目的预测并分析从2014年西非埃博拉出血热暴发地区感染患者分离的扎伊尔型病毒株包膜糖蛋白（glycoprotein,GP）的二级结构及B细胞表位。方法通过Gen Bank搜索近期公布的分离自西非地区的扎伊尔型埃博拉病毒株基因组,获得GP1、GP2和s GP 3种包膜糖蛋白的基因及氨基酸序列,采用互联网服务器在线预测其二级结构及B细胞表位,并分析蛋白的各种氨基酸组成比例及可能的蛋白结合位点,通过亲/疏水性等参数判断氨基酸序列中可能暴露在蛋白结构表面或隐藏在内部的区段。结果在编码GP1、GP2和s GP的氨基酸中,占组成比例最多的均为苏氨酸。GP1和s GP可能的蛋白结合位点较多,且整个蛋白暴露于表面的区域和隐藏区域呈均匀相间分布;GP2结构较前二者特殊,存在一个暴露在蛋白结构表面的大片段的无序结构区域。GP1 N-末端第20～37和166～186区段,GP2 N-末端第361～379区段,s GP N-末端第20～37和166～185区段,可能为跨膜螺旋结构。s GP可能存在4个含有二硫键的区域。B细胞表位分析结果显示,GP1和GP2中疏水区域主要集中在N-末端第1～325位氨基酸之间;亲水区域主要集中在N-末端第326～676位氨基酸之间;亲水与疏水区域分界明显,几乎无交叉;可能存在2个线性表位,分别位于N-末端第324～450、461～676区段;预测共存在25个可能形成构象表位的氨基酸位点或序列,其中可能性在90%以上的位点或序列有6个。结论通过对此次流行于西非的埃博拉病毒包膜糖蛋白的二级结构及可能性B细胞表位的预测,为实验确定埃博拉病毒包膜糖蛋白的结构与功能、B细胞表位免疫识别以及埃博拉病毒预防、治疗和诊断制品的研发提供了参考。

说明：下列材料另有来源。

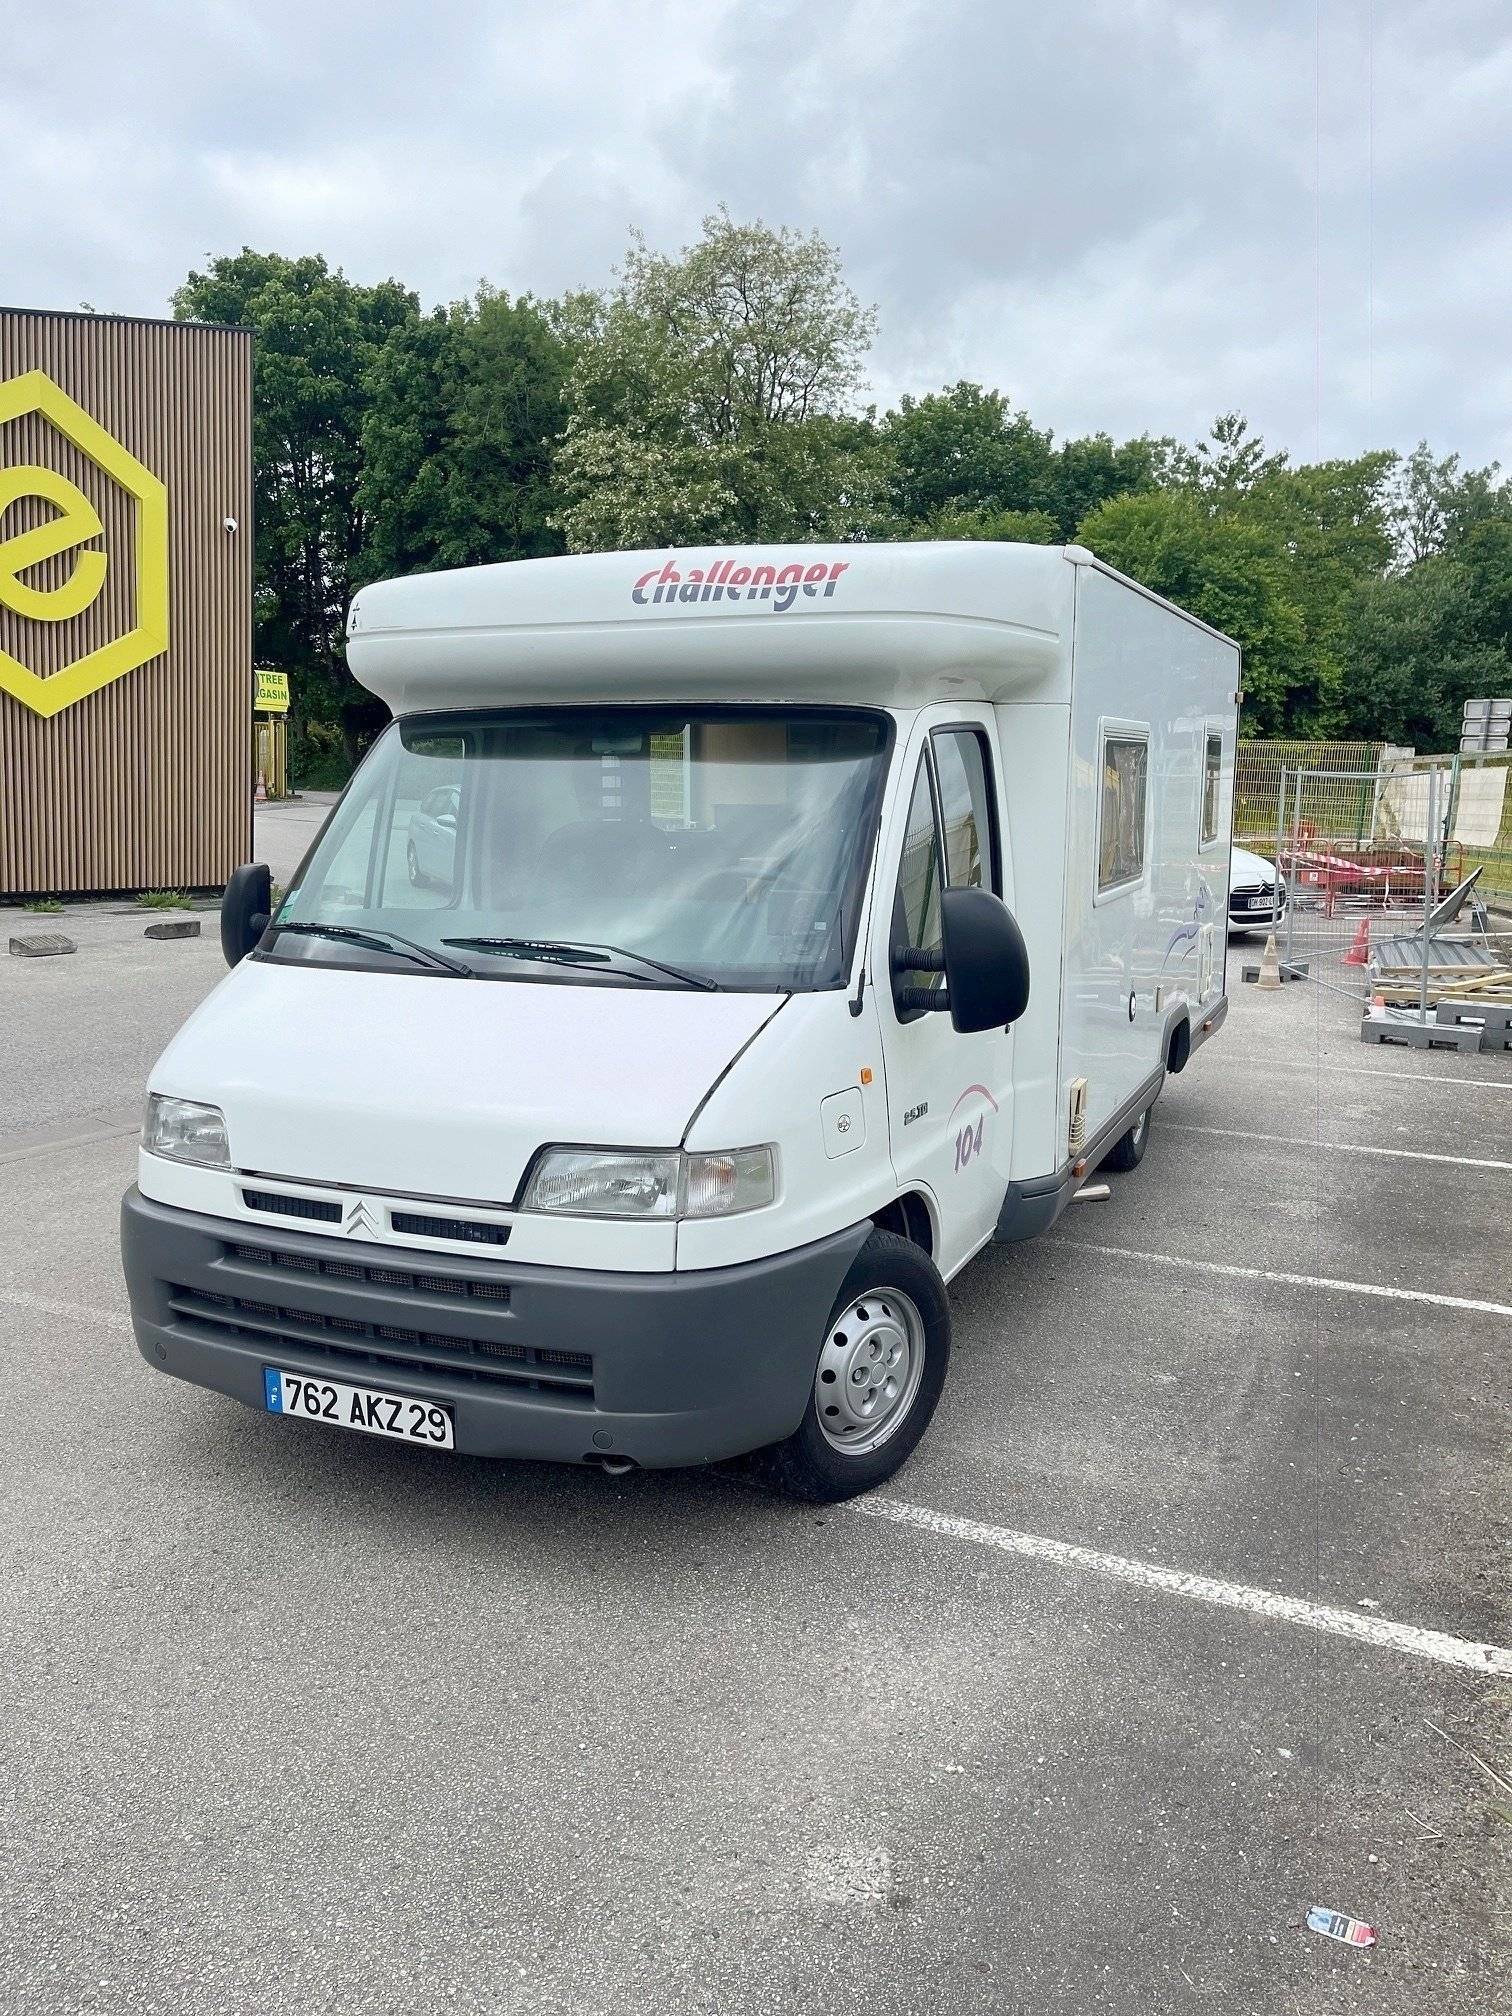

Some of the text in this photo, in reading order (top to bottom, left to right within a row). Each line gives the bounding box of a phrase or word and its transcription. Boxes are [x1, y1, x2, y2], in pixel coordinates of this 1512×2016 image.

Objective To predict and analyze the secondary structure and B cell epitope of glycoprotein （GP） of Ebolavirus strain of type Zaire isolated from patients in West Africa with an outbreak in 2014. Methods The genomes of Ebolavirus strain of type Zaire isolated from West Africa published recently were searched from GenBank to obtain the gene and amino acid sequences of GP1, GP2 and sGP, based on which the amino acid composition ratio and possible protein binding site were analyzed, and the possibly exposed and buried regions in amino acid sequence were judged by hydrophilicity/hydrophobicity parameters. Results Threonine occupied the maxiumum ratio of amino acids encoding GP1, GP2 and sGP. The protein binding sites of GP1 and sGP were abundant, while the exposed and buried regions were distributed alternatively. Compared with those of GP1 and sGP, GP2 showed a special structure with a large disorder region on protein surface. The sites 20 ～ 37, 166 ～ 186 at N-terminus of GP1, sites 361 ～ 379 at N-terminus of GP2 as well as sites 20 ～ 37 and 166 ～ 185 at N-terminus of sGP might be transmembrane helical structure. There might be four disulfide bond regions in sGP. B cell epitope analysis showed that the hydrophobic region were mainly concentrated in AA 1 ～ 325 of N-terminus of GP1 and GP2, while the hydrophilic region in AA 326 ～ 676, with a distinct boundary but without obvious overlap. There were two potential linear epitopes at sites 324 ～ 450 and sites 461 ～ 676 at N-terminus respectively. A total of 25 amino acid sites or sequences which might form conformational epitopes were predicted, including 6 with possibilities of more than 90%. Conclusion The prediction of secondary structure and B cell epitope of GP of Ebolavirus strain of type Zaire provided a reference for study on the structure and function of GP, recognition of B cell epitope as well as development of prophylactic, therapy and diagnostic oroducts azainst Ebolavims.